Motivated by the recent work by Classen and coworkers [Phys. Rev. Lett. 119, 053401 (2017)] of exploiting the Hanbury Brown and Twiss effect for molecular imaging with x-ray fluorescence, we theoretically examined the fluorescence spectrum of a nanocluster from XFEL pulses with our MC/MD method. Using Ar clusters as a prototype, we focused on fluorescence processes in intense x-ray fields and found that non-linear x-ray absorption leads to a high-degree of ionization and creates a dense electron environment within the sample on the femtosecond timescale. These ultrafast processes produce x-ray emission profiles in an extended sample that are very different from the atomic profile.
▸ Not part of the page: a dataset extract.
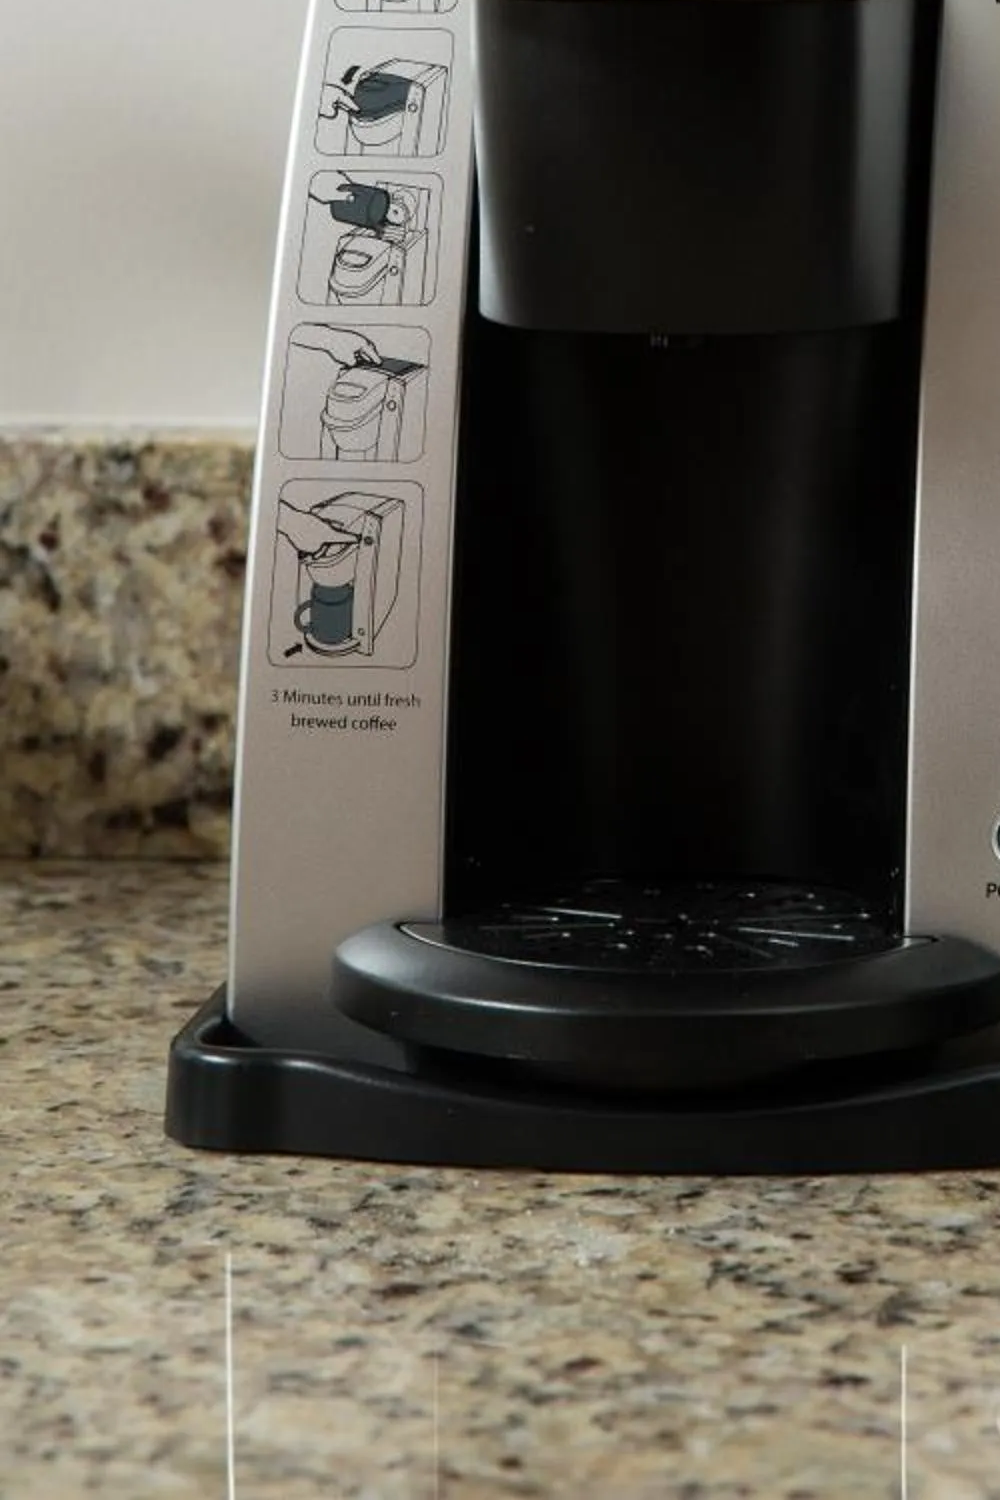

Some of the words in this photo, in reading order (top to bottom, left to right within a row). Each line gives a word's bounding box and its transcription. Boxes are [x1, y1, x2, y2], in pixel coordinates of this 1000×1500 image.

In addition to the direct photoionization pathways, electron-ion recombination processes provide additional pathways in clusters to reach the same fluorescence channels and give rise to higher yields in K$_{\mathrm{\alpha }}$ and its hypersatellite from double-core-hole state (K$_{\mathrm{\alpha }}^{\mathrm{H}})$. The presence of the recombination pathway leads to extended fluorescence emission time beyond the lifetime of the core-excited states. We show that the K$_{\mathrm{\alpha }}^{\mathrm{H}}$ emission line can be a good candidate for fluorescence imaging as it has relatively short emission time compared to the x-ray induced distortion time.